Menurutnya, sistem pembayaran digital yang cepat, mudah, aman dan efisien dapat menjadi bagian penting dalam mendorong pertumbuhan ekonomi daerah.
Bagi UMKM, kata dia, penerapan pembayaran digital memberikan sejumlah manfaat, mulai dari pencatatan transaksi yang lebih tertata hingga peluang memperluas jangkauan pasar.
Digitalisasi juga dinilai dapat membuka akses pelaku usaha terhadap berbagai layanan keuangan yang sebelumnya lebih sulit dijangkau. Dengan transaksi yang tercatat secara digital, pelaku UMKM memiliki data aktivitas usaha yang lebih terstruktur.
Karena itu, Reny mendorong pelaku usaha di Sulawesi Tengah tidak hanya mengikuti perkembangan teknologi, tetapi juga meningkatkan kemampuan dalam memanfaatkan berbagai layanan keuangan digital.
“Kita ingin membangun ekonomi digital yang cepat, tetapi aman, dan modern,” tegasnya.

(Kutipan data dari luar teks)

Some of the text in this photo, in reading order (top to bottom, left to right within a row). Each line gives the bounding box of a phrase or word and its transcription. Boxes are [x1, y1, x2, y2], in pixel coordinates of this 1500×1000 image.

Ia berharap, perkembangan ekosistem pembayaran digital dapat melahirkan lebih banyak inovasi dan model usaha baru di Sulawesi Tengah.
Menurutnya, transformasi digital harus diarahkan agar memberikan manfaat nyata bagi masyarakat dan pelaku usaha.

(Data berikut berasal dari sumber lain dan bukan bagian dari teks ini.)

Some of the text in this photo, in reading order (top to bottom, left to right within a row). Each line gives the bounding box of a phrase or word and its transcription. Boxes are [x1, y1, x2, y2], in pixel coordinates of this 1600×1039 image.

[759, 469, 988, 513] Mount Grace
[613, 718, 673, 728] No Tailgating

Ia juga berharap Posalia Sulteng Digifest tidak berhenti sebagai ajang pengenalan teknologi pembayaran, tetapi menjadi ruang untuk mempertemukan pelaku usaha, pemerintah, perbankan dan berbagai pihak dalam membangun jejaring ekonomi digital.
Kegiatan tersebut turut dihadiri Anggota Komisi XI DPR RI Muhidin Mohamad Said, Wakil Bupati Donggala Taufik M. Burhan, Deputi Gubernur Bank Indonesia Aida S. Budiman, Kepala Perwakilan Bank Indonesia Provinsi Sulawesi Tengah Muhamad Irfan Sukarna serta sejumlah kepala OPD terkait.

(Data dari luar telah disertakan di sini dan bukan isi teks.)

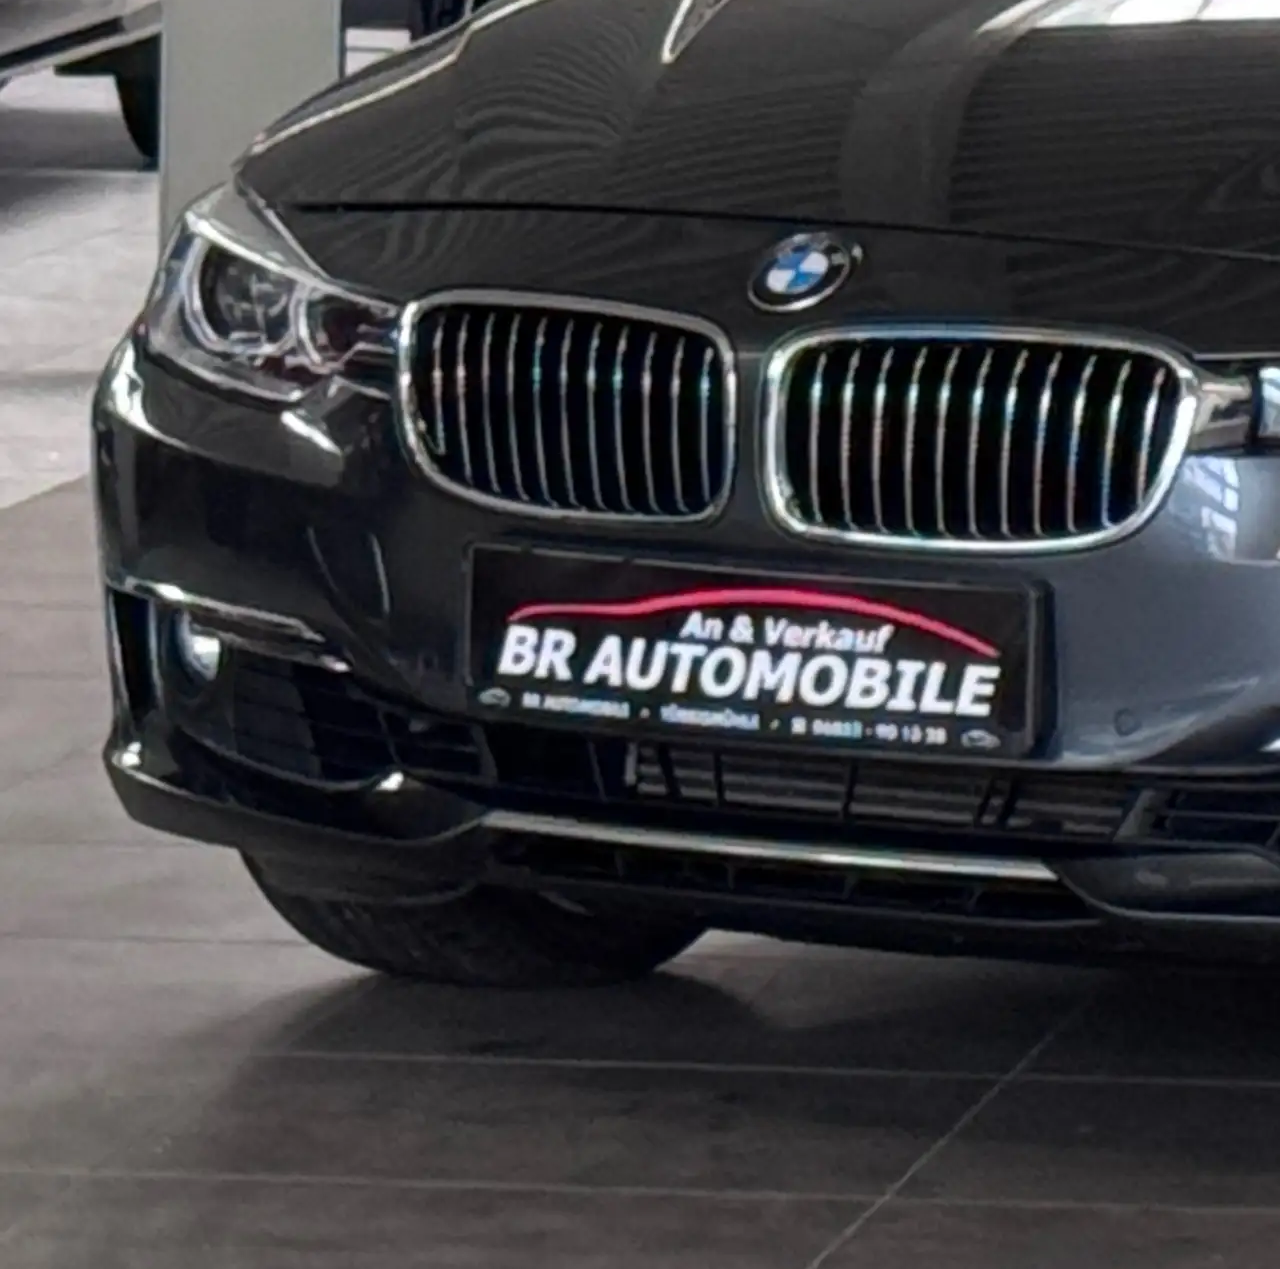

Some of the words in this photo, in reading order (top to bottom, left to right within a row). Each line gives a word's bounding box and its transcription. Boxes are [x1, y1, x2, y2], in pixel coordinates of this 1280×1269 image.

[679, 610, 724, 640] An
[728, 613, 754, 644] &
[764, 616, 895, 654] Verkauf
[498, 624, 577, 681] BR
[583, 634, 1001, 717] AUTOMOBILE

Melalui penguatan digitalisasi pembayaran, Pemerintah Provinsi Sulawesi Tengah berharap, UMKM semakin adaptif terhadap perkembangan teknologi sekaligus mampu memanfaatkan ekosistem digital untuk meningkatkan skala usaha dan berkontribusi terhadap pertumbuhan ekonomi daerah.